#### What to work on:
Keep every word of the listing and drop the images when you write it out.

#### Material provided:
= = =

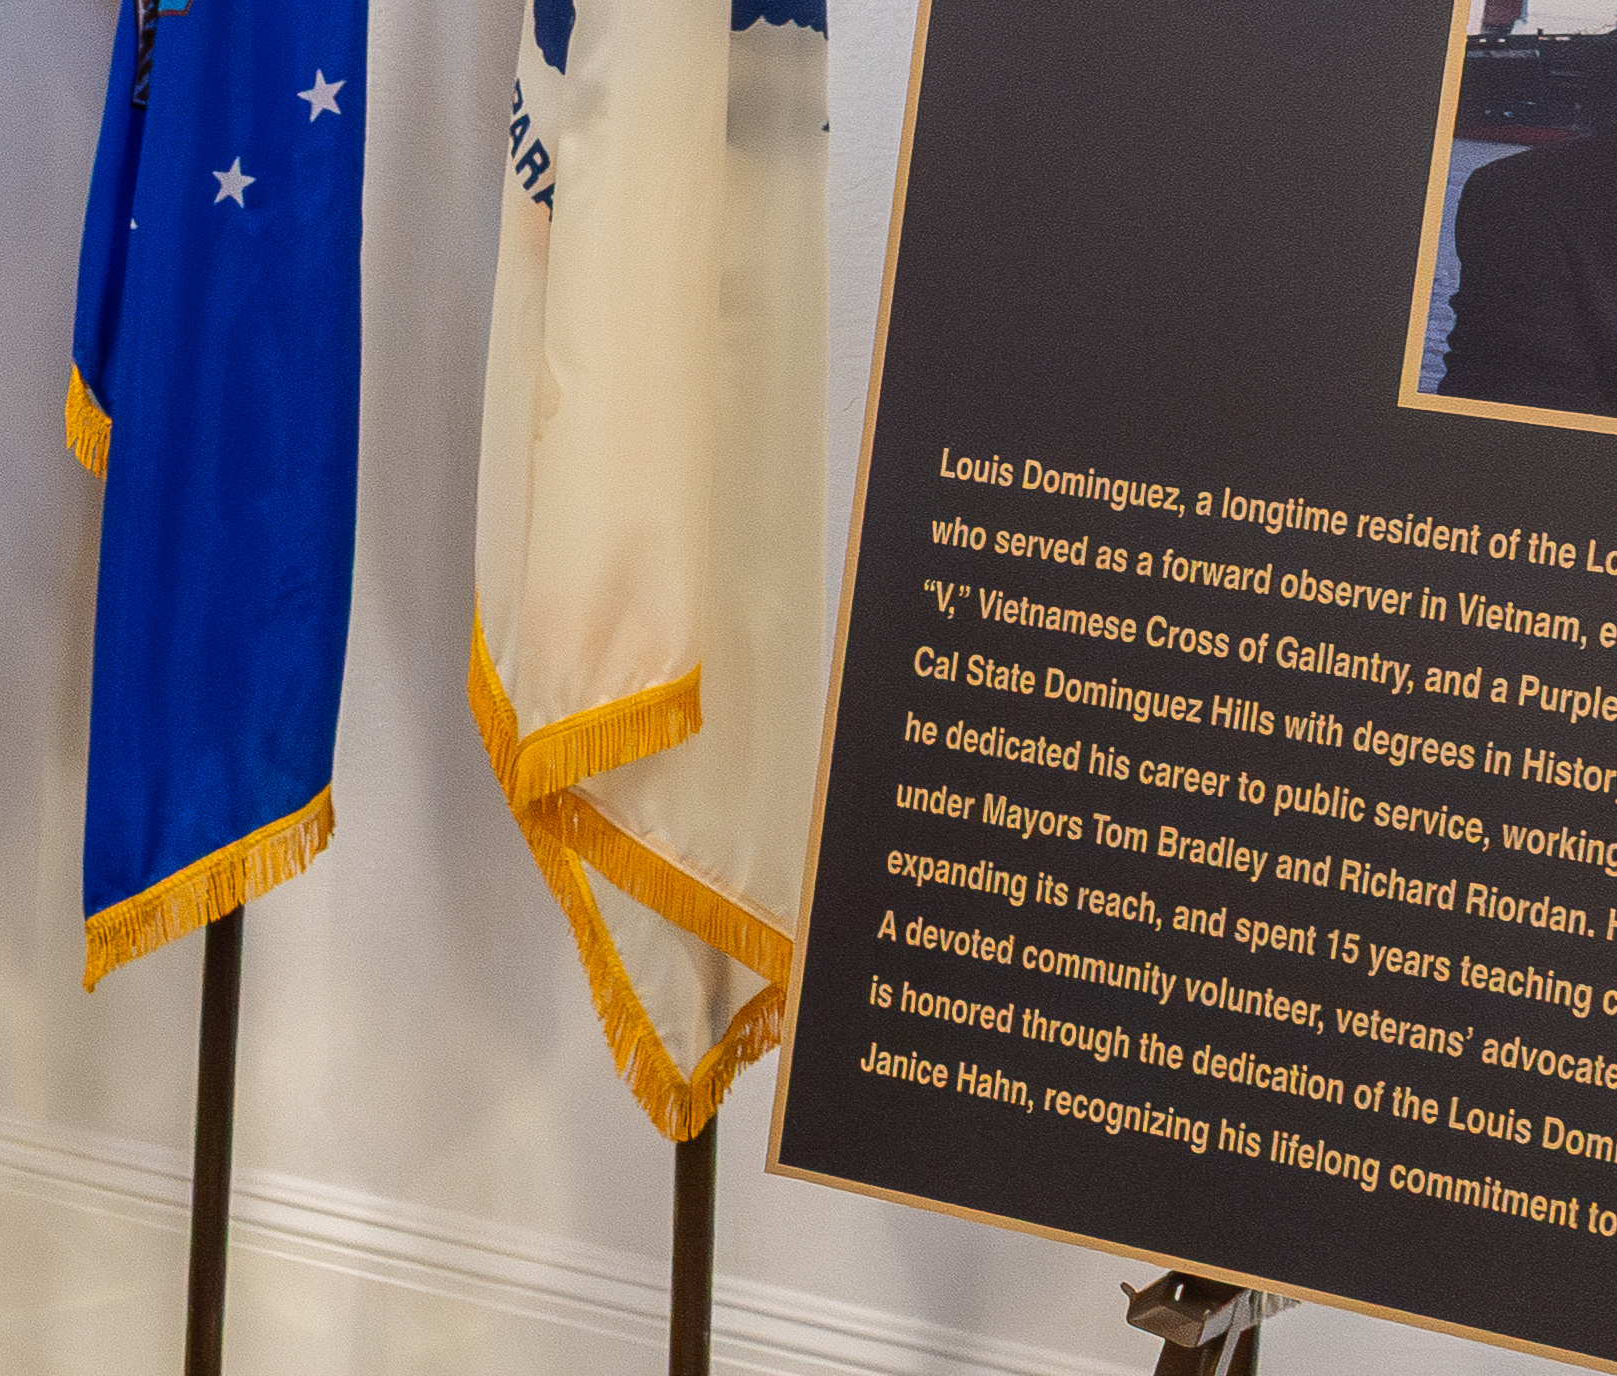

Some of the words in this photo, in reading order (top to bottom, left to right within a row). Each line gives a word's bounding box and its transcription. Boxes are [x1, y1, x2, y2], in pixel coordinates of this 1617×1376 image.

[938, 446, 1015, 488] Louis
[1020, 457, 1187, 519] Dominguez,
[1194, 490, 1214, 517] a
[1220, 486, 1349, 537] longtime
[1355, 512, 1482, 556] resident
[1487, 527, 1523, 562] of
[1527, 531, 1578, 570] the
[922, 578, 972, 620] “V,”
[978, 586, 1138, 644] Vietnamese
[1144, 614, 1231, 659] Cross
[1237, 631, 1271, 665] of
[1274, 634, 1415, 696] Gallantry,
[1422, 665, 1484, 701] and
[1488, 676, 1510, 705] a
[930, 515, 988, 552] who
[993, 529, 1090, 567] served
[1094, 544, 1129, 574] as
[1135, 550, 1154, 578] a
[1161, 547, 1274, 596] forward
[1279, 567, 1414, 617] observer
[1418, 585, 1448, 623] in
[1457, 591, 1588, 651] Vietnam,
[858, 1040, 950, 1090] Janice
[955, 1060, 1035, 1115] Hahn,
[1043, 1086, 1211, 1156] recognizing
[1217, 1117, 1262, 1159] his
[1269, 1128, 1382, 1194] lifelong
[1388, 1162, 1581, 1231] commitment

= = =

#### Result for this exercise:
Some of the words in this photo, in reading order (top to bottom, left to right within a row). Each line gives a word's bounding box and its transcription. Boxes are [x1, y1, x2, y2], in pixel coordinates of this 1617×1376 image.

[938, 446, 1015, 488] Louis
[1020, 457, 1187, 519] Dominguez,
[1194, 490, 1214, 517] a
[1220, 486, 1349, 537] longtime
[1355, 512, 1482, 556] resident
[1487, 527, 1523, 562] of
[1527, 531, 1578, 570] the
[922, 578, 972, 620] “V,”
[978, 586, 1138, 644] Vietnamese
[1144, 614, 1231, 659] Cross
[1237, 631, 1271, 665] of
[1274, 634, 1415, 696] Gallantry,
[1422, 665, 1484, 701] and
[1488, 676, 1510, 705] a
[930, 515, 988, 552] who
[993, 529, 1090, 567] served
[1094, 544, 1129, 574] as
[1135, 550, 1154, 578] a
[1161, 547, 1274, 596] forward
[1279, 567, 1414, 617] observer
[1418, 585, 1448, 623] in
[1457, 591, 1588, 651] Vietnam,
[858, 1040, 950, 1090] Janice
[955, 1060, 1035, 1115] Hahn,
[1043, 1086, 1211, 1156] recognizing
[1217, 1117, 1262, 1159] his
[1269, 1128, 1382, 1194] lifelong
[1388, 1162, 1581, 1231] commitment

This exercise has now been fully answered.